Idea by Tom Austin Edited by Meg Sorick Improved by Meg Sorick, Author Part three in the story of Panooksa
As I sat on the stoop, watching, while Brad and Quincy walked toward me, I suddenly felt warm. It was all I could do to keep from fanning myself. Brad looked so… yummy. Yummy? Where had that come from? He was my boss after all. But now that I’d left the hospital and all that it had put in our way, we were free to explore our feelings and emotions. The trouble was that this was the first time I’d thought of anyone this way. Oh sure, I’d felt love before. I’d loved my parents, but clearly this wasn’t the same thing. After they had died, my emotions had simply shut down. Was I afraid of feeling something for someone? Someone like Dr. Brad Peters? He sure was making me feel something at this very moment…
With Quincy trailing behind, I led Brad by the hand to my apartment. I’m not sure why I took his hand, but I did. As we made our way along the dimly lit hallway, he made a remark about the lack of illumination. I, for one, was grateful for the low lighting —the paint was peeling in spots, mail was overflowing from slots that hadn’t been emptied, the carpet was so worn that it was shiny in places.
I kept holding his hand. I didn’t plan to do it, I just did it. Touching his hair wasn’t planned either. But I couldn’t seem to help myself. When he turned to look around the apartment, I noticed his broad shoulders and his strong arms. I wondered how it would feel to be held by them. Tucking his hands in the pockets of his jacket, he suddenly turned back to face me.
“Mildred, why did you leave the hospital ?” he asked.
“If you call me Milly, I’ll tell you.”
Raising an eyebrow, he asked, “Ok, Milly, why did you leave?”
“Have you ever just felt you were supposed to be somewhere else? That where you are, and what you’re doing is all wrong?” I asked.
He frowned and sat in the nearest chair. “Maybe?”
I began to pace in front of him. “That’s the way I felt at the hospital. Like I was supposed to be somewhere else. To do something else. Do you know what I mean?”
Brad leaned forward, resting his elbows on his knees and cradling his face in his hands as he recalled a long forgotten memory. After a moment, he said, “I think so. Once, when I was a boy, I was at my uncle’s place in the summer. For the whole time I was there, I couldn’t shake the feeling I was supposed to be somewhere else. Is that what you mean?”
“Yes, that’s it exactly!” I said. Thank God, he understood. I went on, “I can’t explain it, but I felt like I was drawn here. My heart just wasn’t in medicine. I know I had responsibilities at the hospital, and I know this apartment doesn’t look like much, but it’s more of a home than the apartment I had near the hospital. I don’t know what I’m supposed to do yet, but I know it’s not medicine.”
Brad smiled warmly. “I’m glad for you, Milly. Some people do the wrong thing for an entire lifetime and are miserable. That’s what happened to my dad. He spent his whole life as an accountant and he was lousy at it. AND he hated it.”
“Why didn’t he try something else?” I asked.
“He thought he was too old to start all over again. He was a whiz with electronics, but he kept plodding along crunching numbers. I’m sure that’s why he died of a heart attack at sixty.”
I realized he was still wearing his jacket, and offered to hang it up. As he handed it to me, there was a spark. An actual spark! Then he said, “You might want to get a humidifier. It’s pretty dry in here.”
We walked through to the tiny kitchen. “Would you like coffee?” I asked, cursing myself for not offering earlier.
“Thanks, Milly, but I’ve already had my fill for the day. If I have too much I get all jittery, and then I can’t sleep at all,” he said.
We sat at the table and talked for hours.

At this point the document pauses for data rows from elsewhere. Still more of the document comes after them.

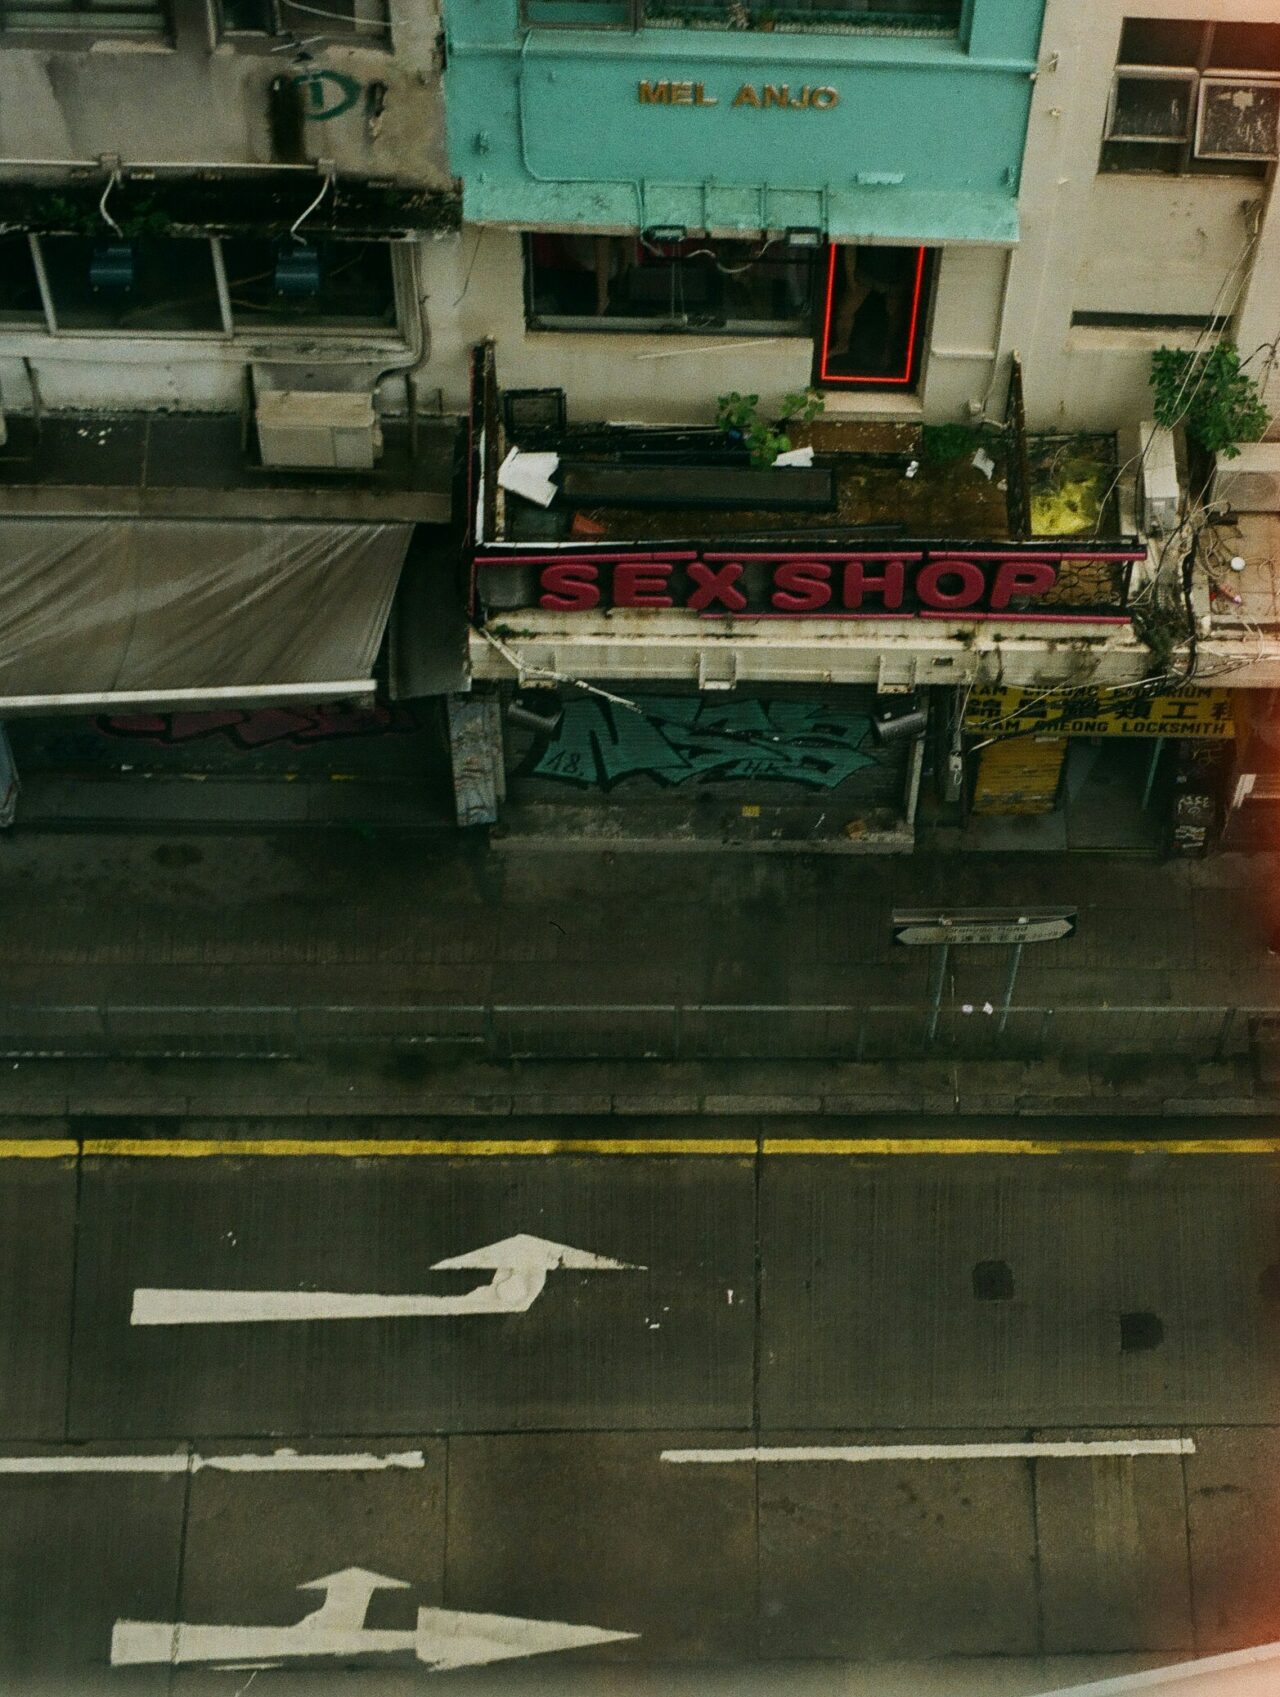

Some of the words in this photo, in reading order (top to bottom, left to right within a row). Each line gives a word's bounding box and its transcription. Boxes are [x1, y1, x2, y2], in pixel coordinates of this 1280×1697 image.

[638, 80, 718, 106] MEL
[732, 82, 839, 110] ANJO
[540, 562, 747, 612] SEX
[771, 561, 1057, 611] SHOP
[1122, 721, 1227, 735] LOCKSMITH
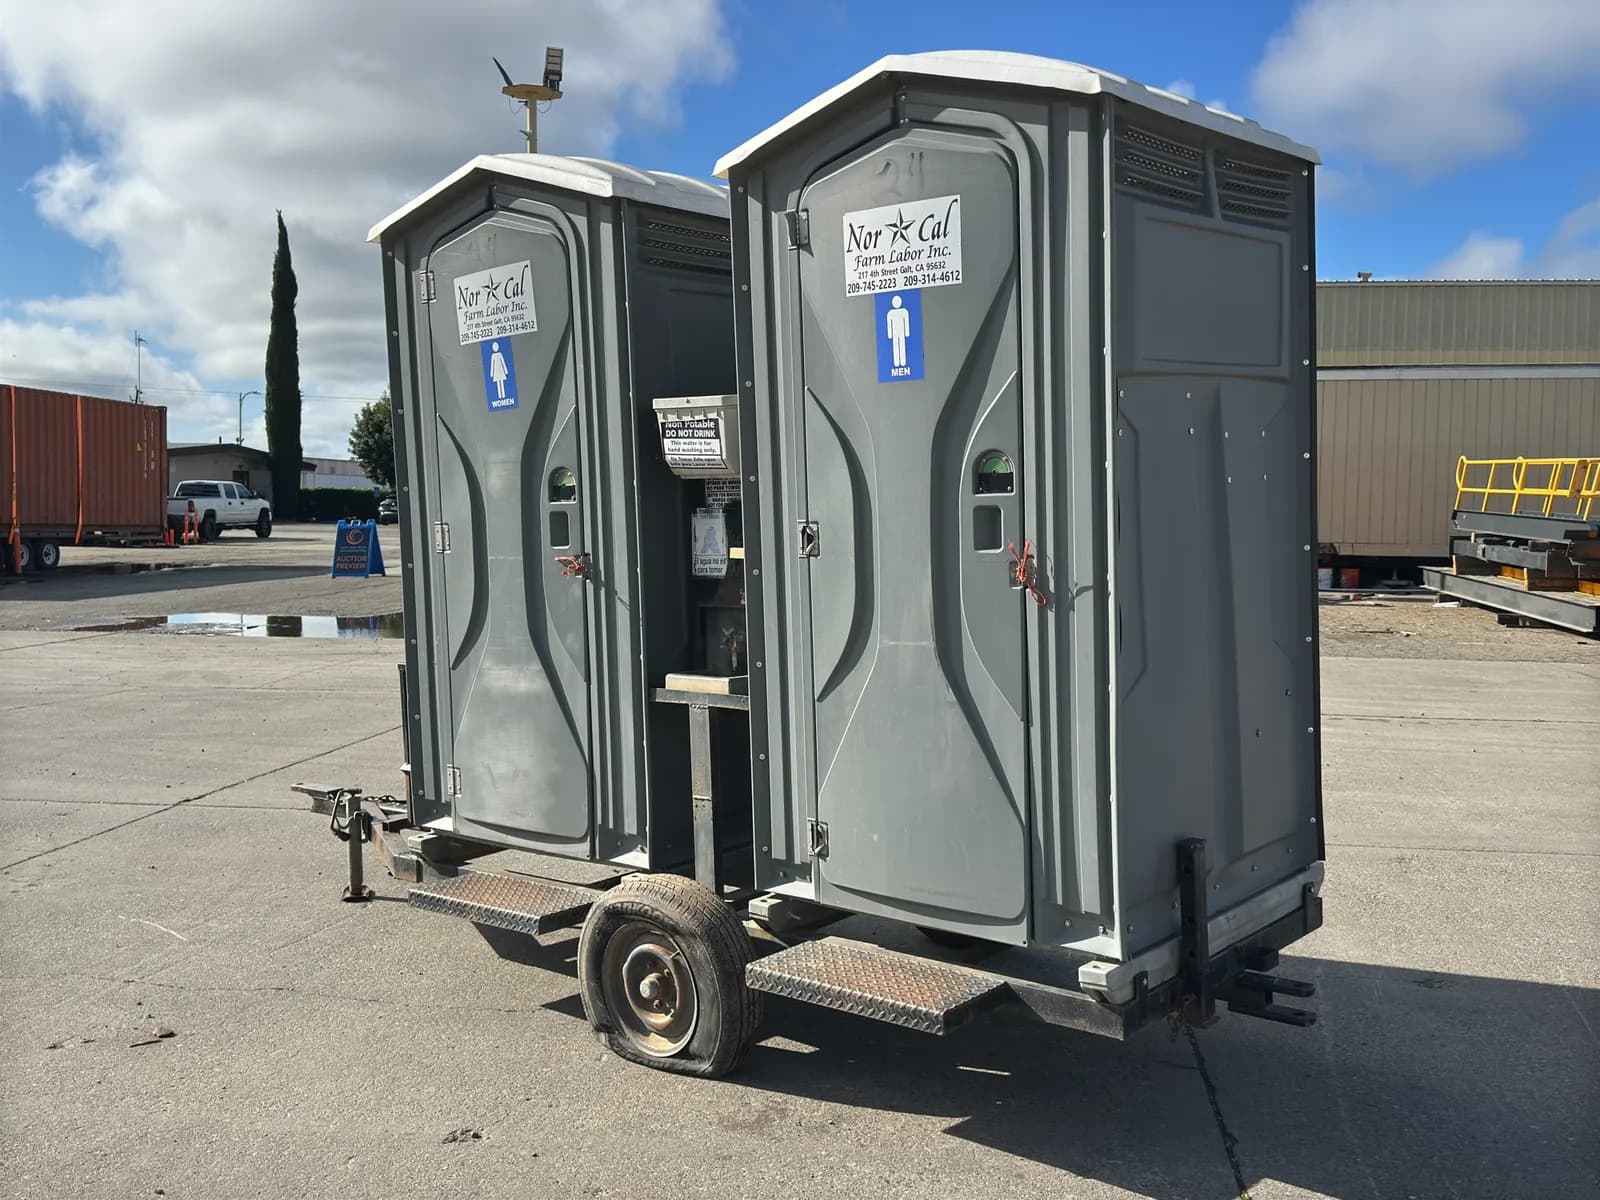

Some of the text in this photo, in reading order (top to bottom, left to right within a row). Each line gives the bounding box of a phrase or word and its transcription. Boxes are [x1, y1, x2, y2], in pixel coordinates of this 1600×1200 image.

[846, 198, 959, 253] Nor Cal
[853, 245, 952, 272] Farm Labor Inc.
[858, 261, 946, 279] 217 4th Street Galt, CA 95632
[458, 264, 529, 310] Nor Cal
[847, 270, 961, 294] 209-745-2223 209-314-4612
[463, 301, 528, 324] Farm Labor Inc.
[891, 367, 911, 377] MEN
[491, 398, 515, 409] WOMEN
[665, 429, 716, 438] DO NOT DRINK
[684, 419, 716, 428] Potable

About the mystery of Panooska and how he had become unstuck in time. We were both smart people, but neither of us could begin to explain it. We ended up with more questions than answers. As it grew late, Brad started talking about work the next day. I worried about him walking through the neighborhood at this hour.
“It’s really late,” I began. “Look, I don’t want you to think I’m cheap or easy, but if you want, you can stay here tonight. You could sleep on the couch. What do you say?” I really hoped he would stay. I really hoped.

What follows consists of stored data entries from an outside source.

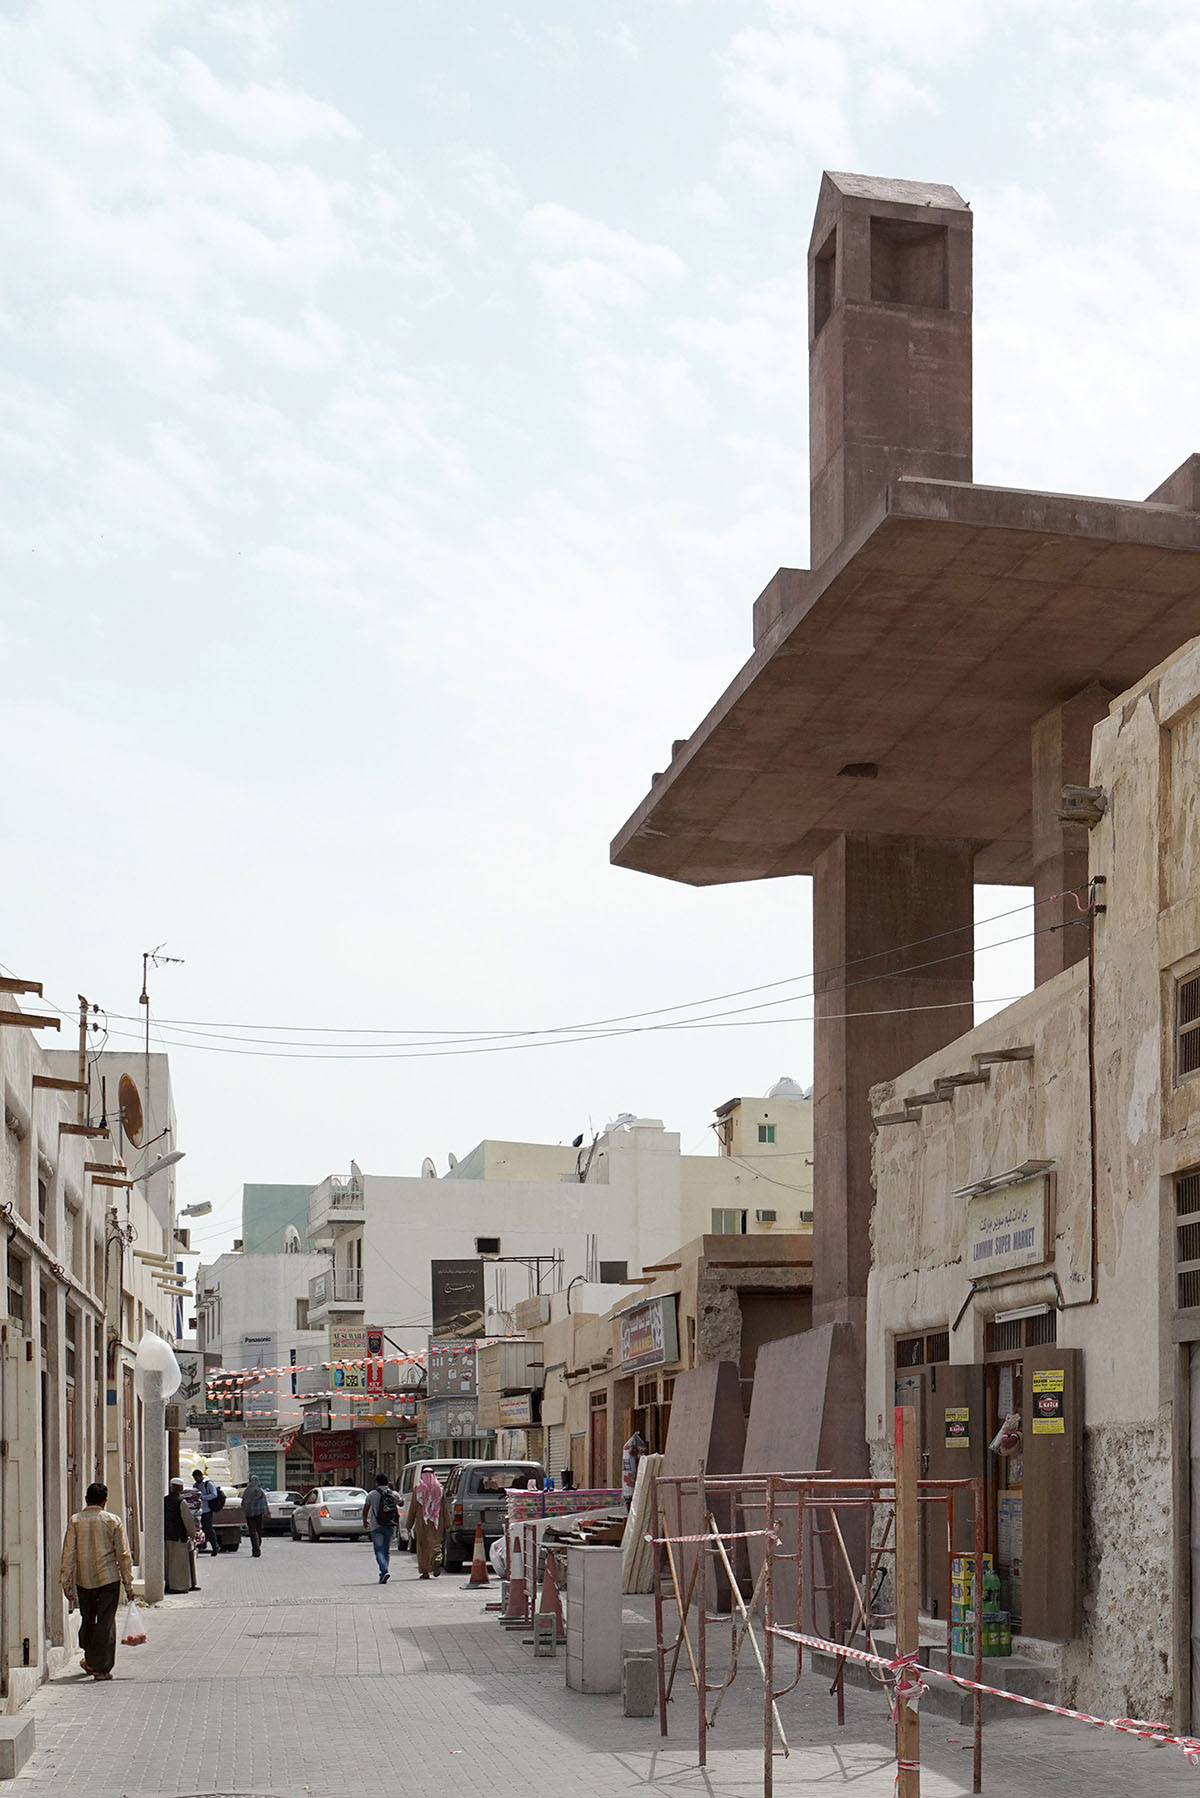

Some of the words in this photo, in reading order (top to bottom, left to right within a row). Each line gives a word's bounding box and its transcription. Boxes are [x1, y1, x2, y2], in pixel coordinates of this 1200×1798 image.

[995, 1233, 1011, 1255] SUPER
[1013, 1227, 1035, 1251] MARKET
[245, 1335, 272, 1343] Panasonic
[1038, 1401, 1059, 1409] Lulu
[315, 1440, 353, 1449] PHOTOCOPY

“If you’re sure…” he said. “It’s not too much trouble?”
“Trouble? You? Dr. Brad Peters? No, no trouble at all!” I replied, smiling.
He returned the smile. “Milly, can we set a few ground rules? If we’re going to be friends, why don’t we leave the Doctor titles at the door. What do you think ?” he asked, putting just a touch of emphasis on the word ‘you’. He gave me a sheepish grin. “You seem a little nervous. Well, you’re not the only one. I feel like a long tail cat in a room full of rockin’ chairs.”
He still hadn’t told me if he was going to stay. I held my breath.
He held out his hand. “Let’s try this again. So, how do you do Milly? Mind if I crash on your couch?”
I let out my breath in a relieved laugh. “I’m very well, thank you. And you are welcome to crash on my couch.”